▶ _Work to complete_: An exact copy of every record is needed, with all pictures omitted.

▶ _Supplied records_:
┄┄┄┄┄┄┄┄┄┄┄┄┄┄┄┄┄┄┄┄

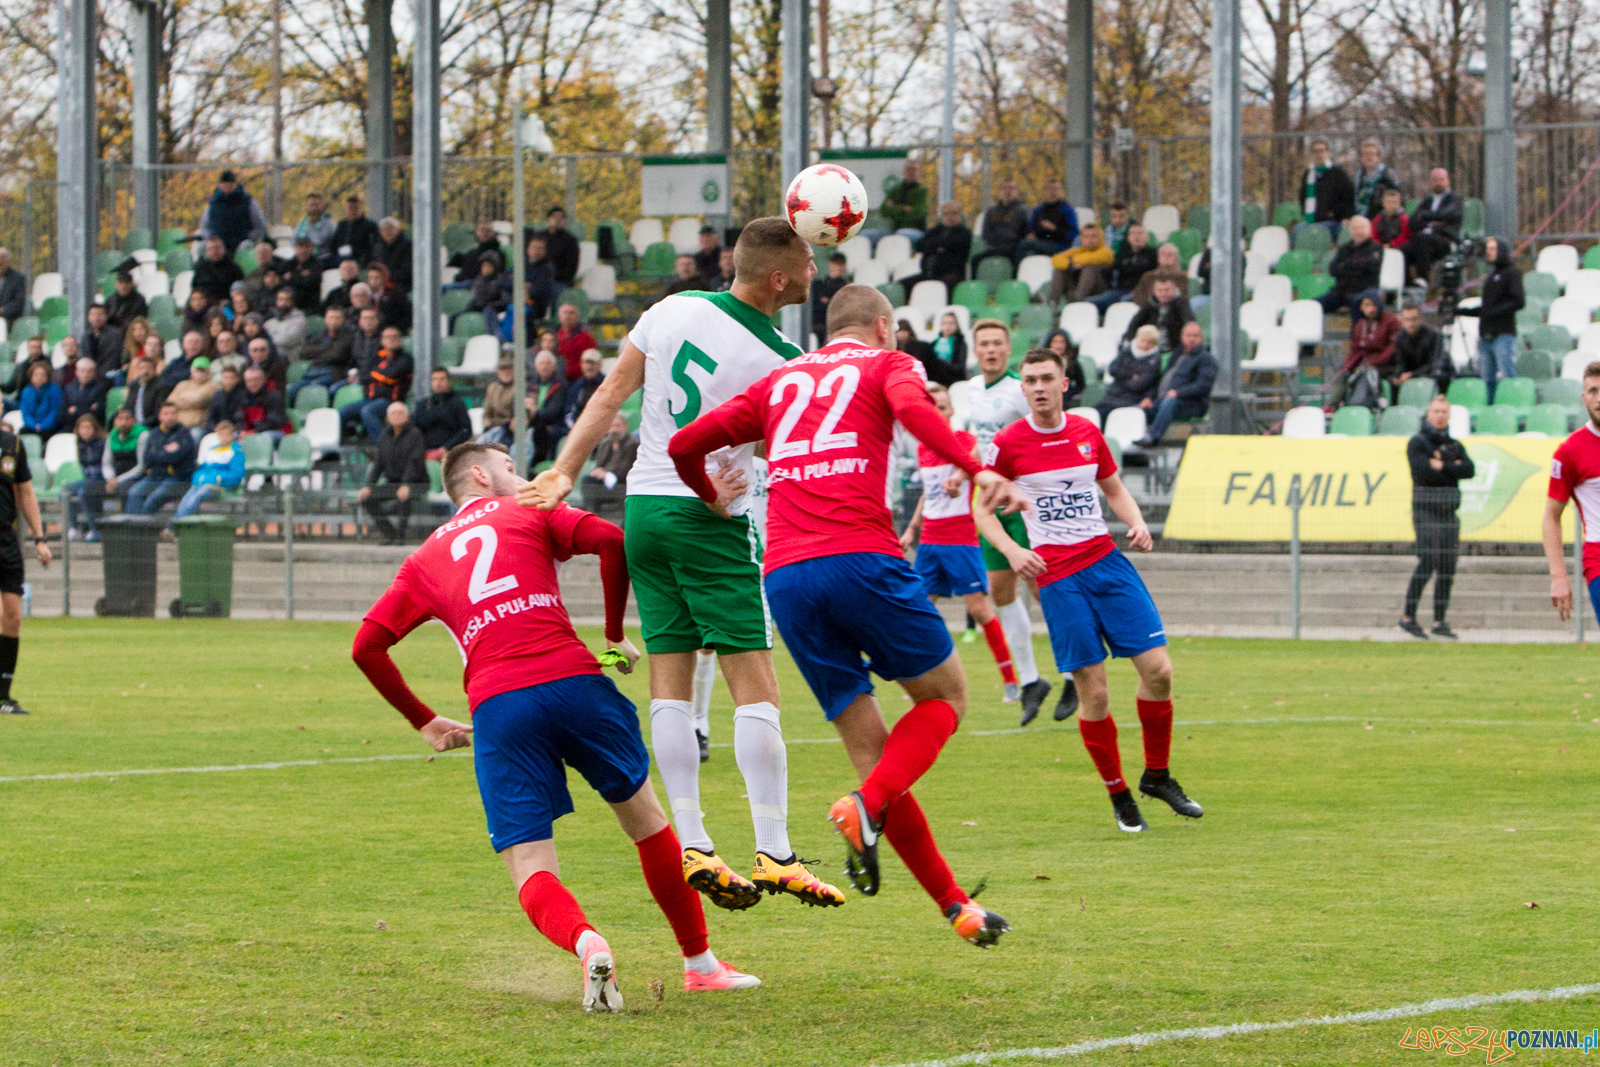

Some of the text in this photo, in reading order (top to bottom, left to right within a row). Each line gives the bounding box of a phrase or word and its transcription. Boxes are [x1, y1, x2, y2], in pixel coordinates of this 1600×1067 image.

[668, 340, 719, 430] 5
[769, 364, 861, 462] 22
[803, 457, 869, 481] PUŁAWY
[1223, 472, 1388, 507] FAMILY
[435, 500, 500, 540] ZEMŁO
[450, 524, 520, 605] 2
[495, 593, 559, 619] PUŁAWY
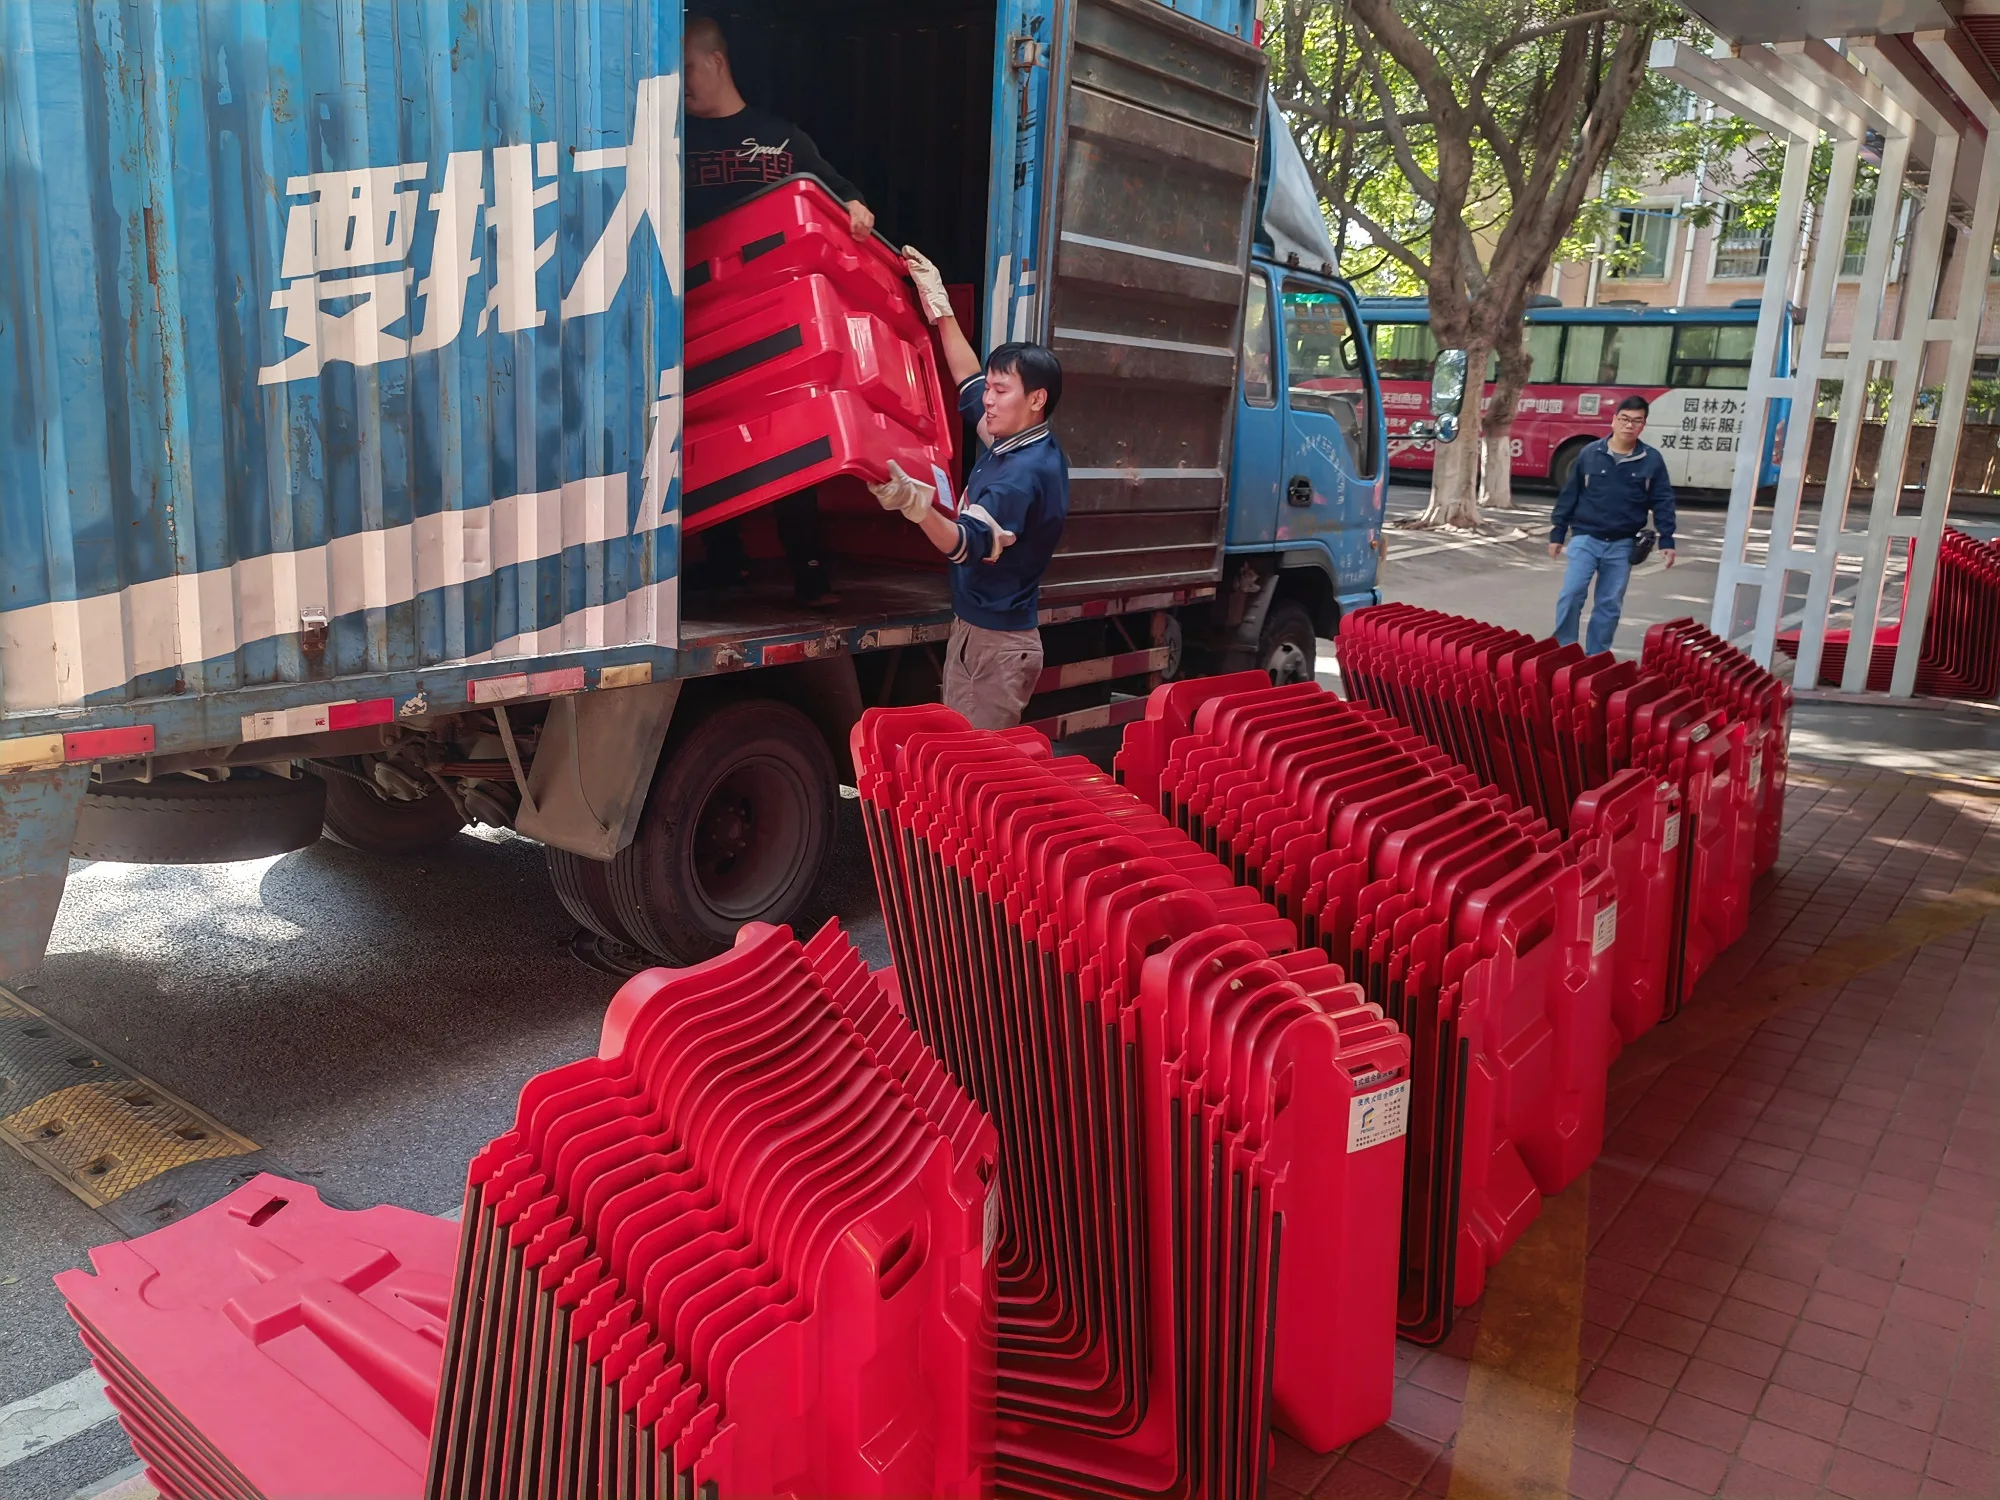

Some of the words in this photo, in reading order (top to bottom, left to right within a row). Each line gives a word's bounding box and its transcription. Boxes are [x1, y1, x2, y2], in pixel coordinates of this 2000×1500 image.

┄┄┄┄┄┄┄┄┄┄┄┄┄┄┄┄┄┄┄┄

▶ _Completed exercise_:
Some of the text in this photo, in reading order (top to bottom, left to right within a row). Each line gives the bounding box of a phrase or word and its transcription. Boxes are [x1, y1, x2, y2], in pixel coordinates of this 1600×1067 image.

[668, 340, 719, 430] 5
[769, 364, 861, 462] 22
[803, 457, 869, 481] PUŁAWY
[1223, 472, 1388, 507] FAMILY
[435, 500, 500, 540] ZEMŁO
[450, 524, 520, 605] 2
[495, 593, 559, 619] PUŁAWY

Some of the words in this photo, in reading order (top to bottom, left to right within a row). Each line gives a word's bounding box and its transcription. Boxes are [x1, y1, x2, y2], in pixel coordinates of this 2000×1500 image.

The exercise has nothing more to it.